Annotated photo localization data
- - - -
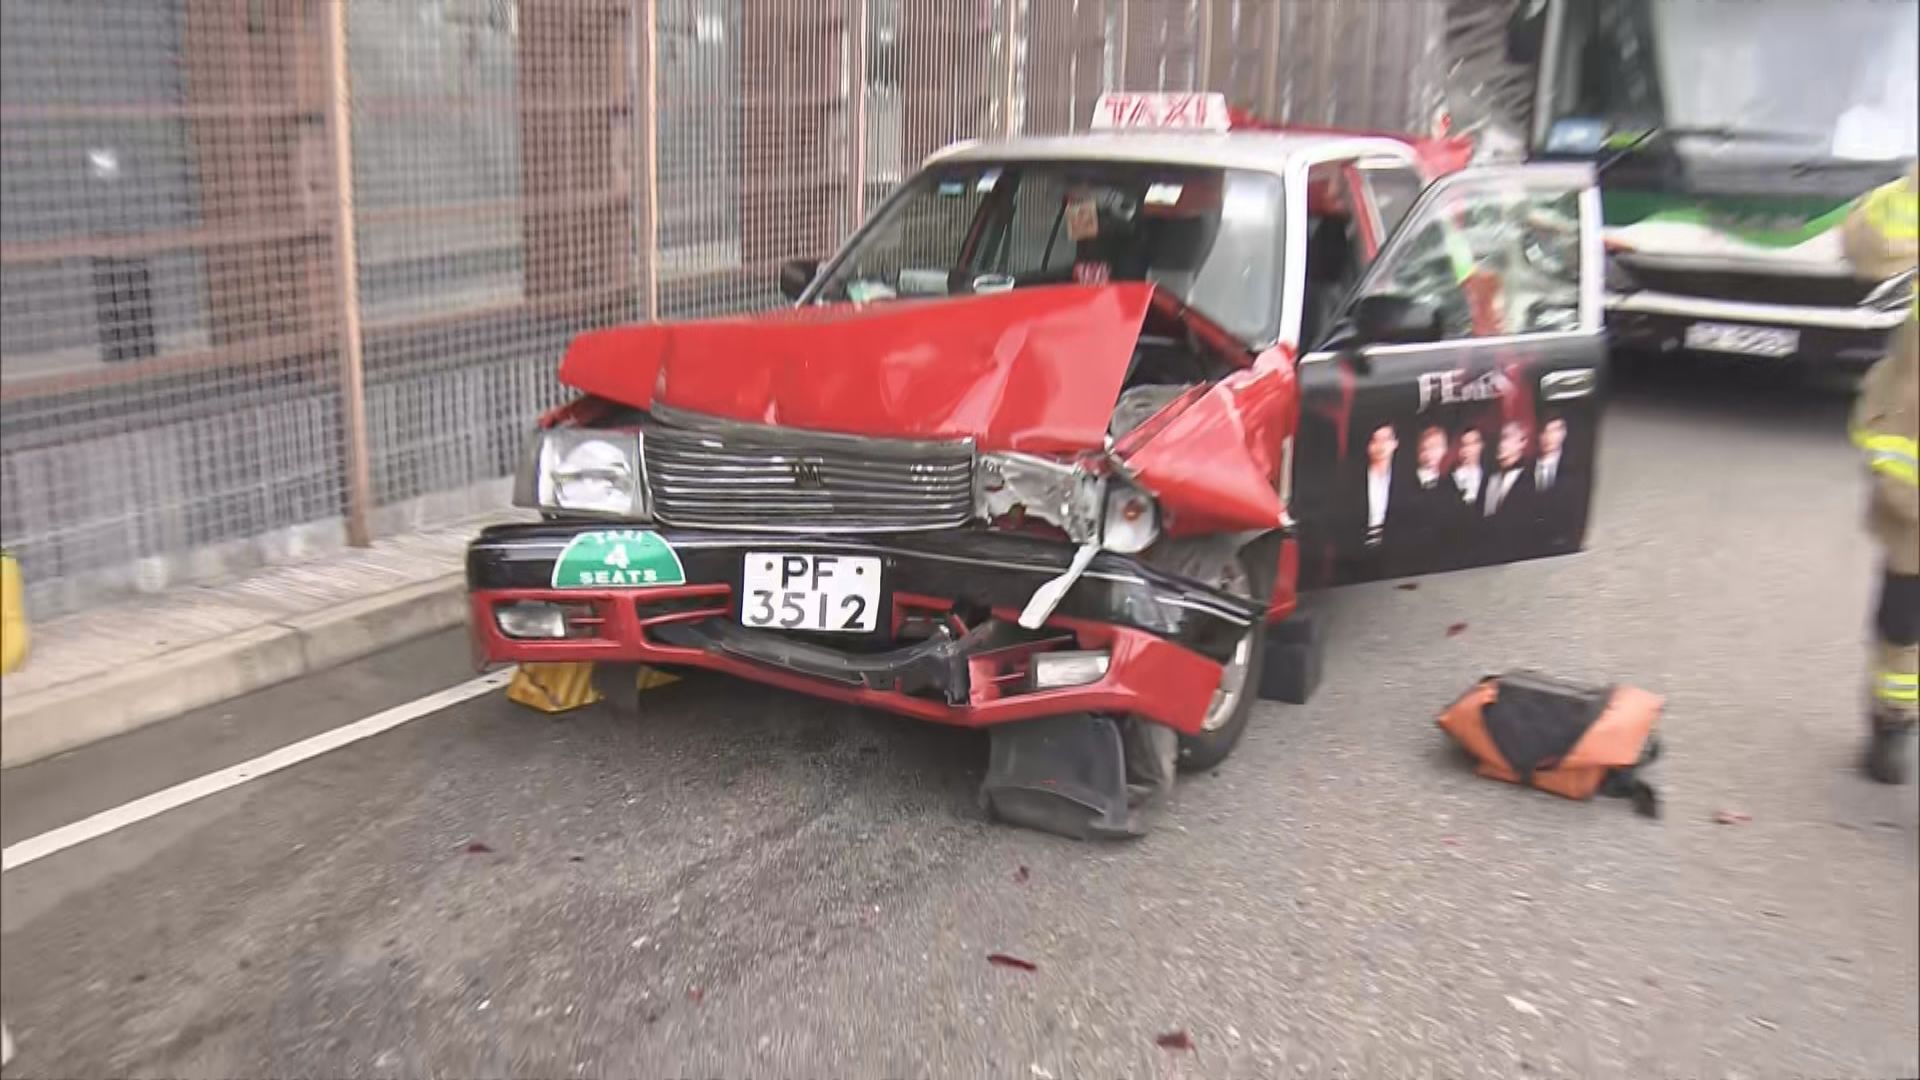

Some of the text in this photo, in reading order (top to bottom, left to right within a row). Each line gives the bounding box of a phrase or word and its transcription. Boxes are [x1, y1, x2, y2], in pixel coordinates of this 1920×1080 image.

[1105, 95, 1206, 127] TAXI
[604, 543, 630, 569] 4
[580, 570, 657, 584] SEATS
[781, 556, 838, 590] PF
[751, 590, 866, 629] 3512
- - - -
§ **About this exercise**: Set down the records exactly, without the pictures.

§ **Output below**:
Some of the text in this photo, in reading order (top to bottom, left to right within a row). Each line gives the bounding box of a phrase or word and its transcription. Boxes are [x1, y1, x2, y2], in pixel coordinates of this 1920×1080 image.

[1105, 95, 1206, 127] TAXI
[604, 543, 630, 569] 4
[580, 570, 657, 584] SEATS
[781, 556, 838, 590] PF
[751, 590, 866, 629] 3512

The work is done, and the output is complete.